* [WORK ITEM]: An unchanged copy of all the lines below is expected, and it should contain no pictures.

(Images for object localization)
■ ■ ■
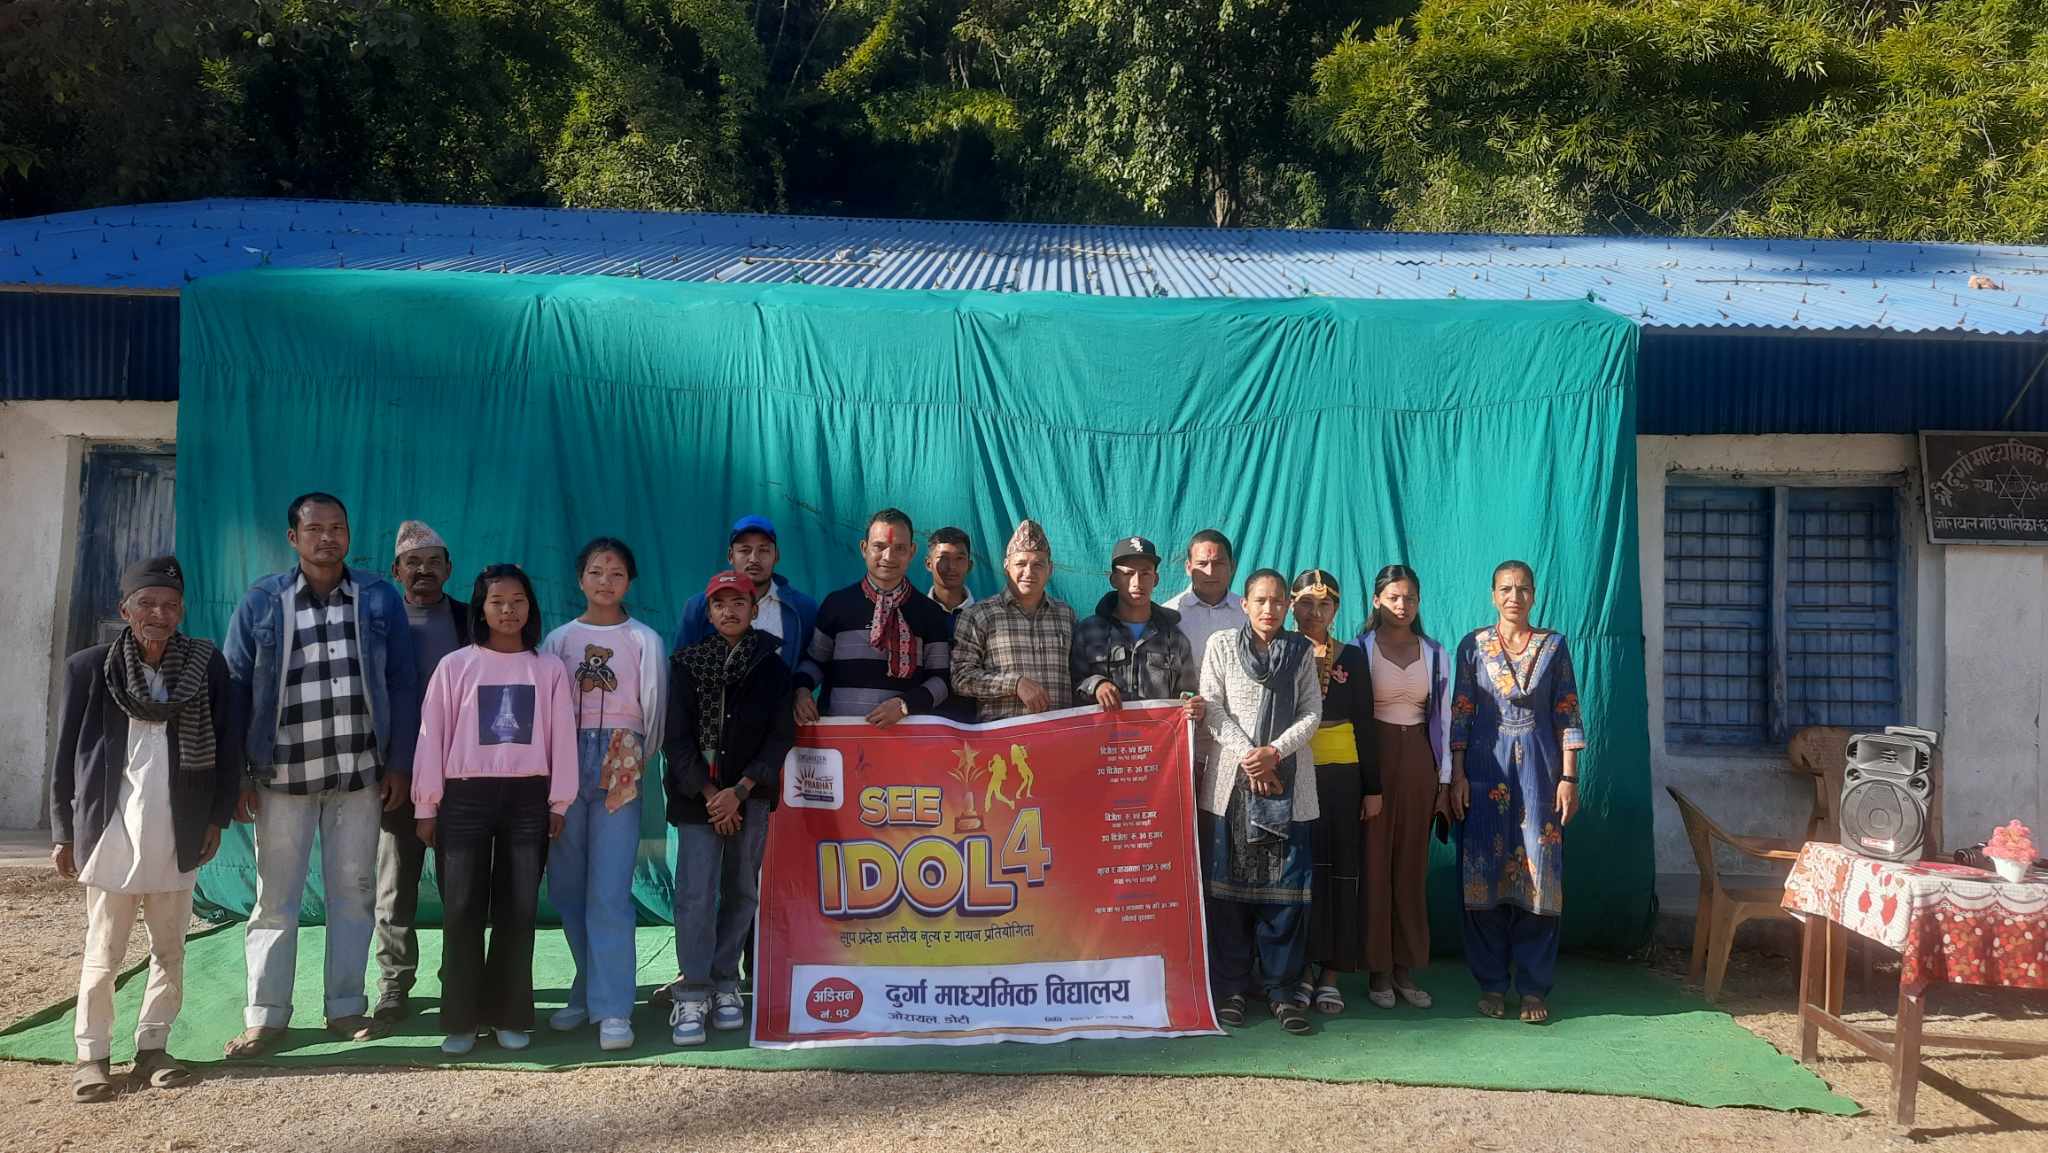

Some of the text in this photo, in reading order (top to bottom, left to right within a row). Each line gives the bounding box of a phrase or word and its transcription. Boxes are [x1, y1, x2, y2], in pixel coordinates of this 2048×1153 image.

[1968, 438, 2045, 466] माध्यमिक
[858, 785, 943, 828] SEE
[817, 806, 1053, 920] IDOL 4
[859, 928, 882, 945] प्रदेश
[886, 926, 917, 944] स्तरीय
[920, 930, 942, 948] नृत्य
[943, 930, 952, 942] र
[954, 930, 981, 943] गायन
[984, 921, 1035, 942] प्रतियोगिता
[813, 986, 855, 1003] अडिसन
[885, 975, 1130, 1009] दुर्गा माध्यमिक विद्यालय
[836, 1007, 850, 1018] १२
[943, 1013, 970, 1025] डोटी
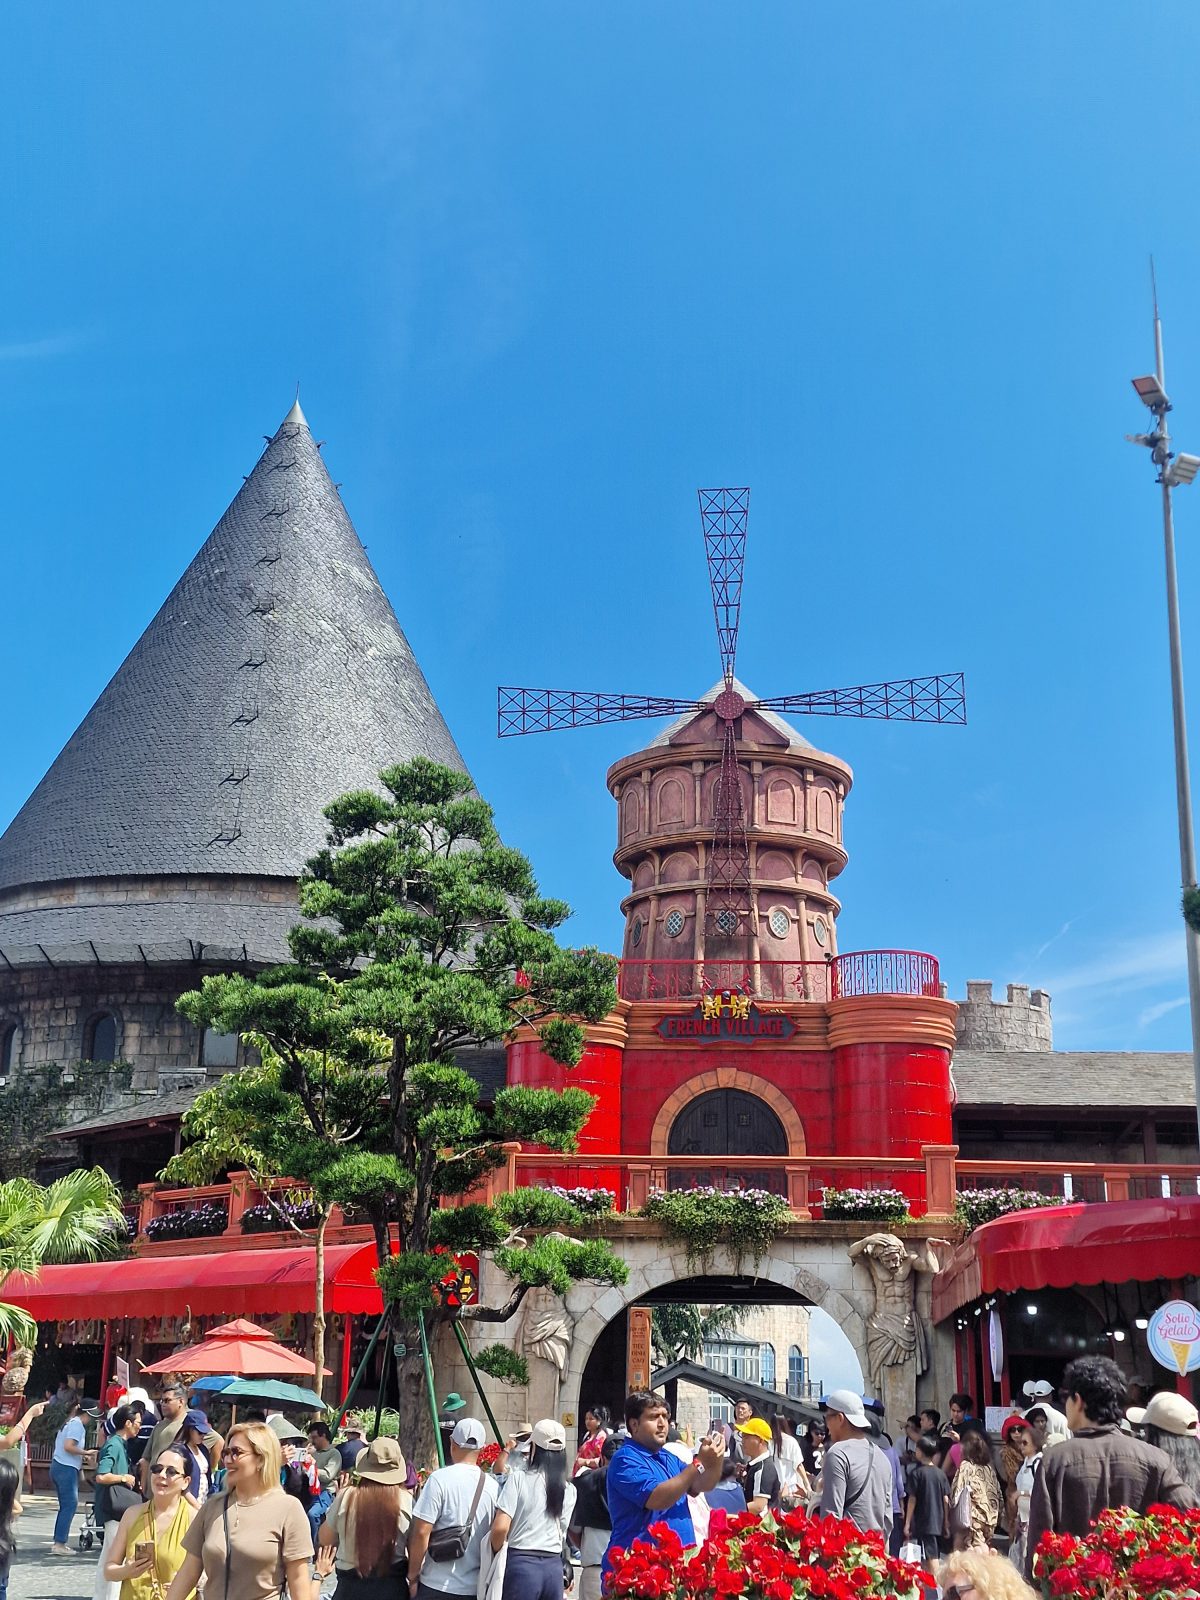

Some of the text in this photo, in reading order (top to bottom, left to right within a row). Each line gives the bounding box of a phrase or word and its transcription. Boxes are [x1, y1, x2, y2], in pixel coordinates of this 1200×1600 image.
■ ■ ■
* [COMPLETED TASK]:
Some of the text in this photo, in reading order (top to bottom, left to right within a row). Each line gives the bounding box of a phrase or word and its transcription. Boxes are [x1, y1, x2, y2], in pixel coordinates of this 2048×1153 image.

[1968, 438, 2045, 466] माध्यमिक
[858, 785, 943, 828] SEE
[817, 806, 1053, 920] IDOL 4
[859, 928, 882, 945] प्रदेश
[886, 926, 917, 944] स्तरीय
[920, 930, 942, 948] नृत्य
[943, 930, 952, 942] र
[954, 930, 981, 943] गायन
[984, 921, 1035, 942] प्रतियोगिता
[813, 986, 855, 1003] अडिसन
[885, 975, 1130, 1009] दुर्गा माध्यमिक विद्यालय
[836, 1007, 850, 1018] १२
[943, 1013, 970, 1025] डोटी

Some of the text in this photo, in reading order (top to bottom, left to right within a row). Each line gives the bounding box of a phrase or word and its transcription. Boxes are [x1, y1, x2, y2], in pixel coordinates of this 1200×1600 image.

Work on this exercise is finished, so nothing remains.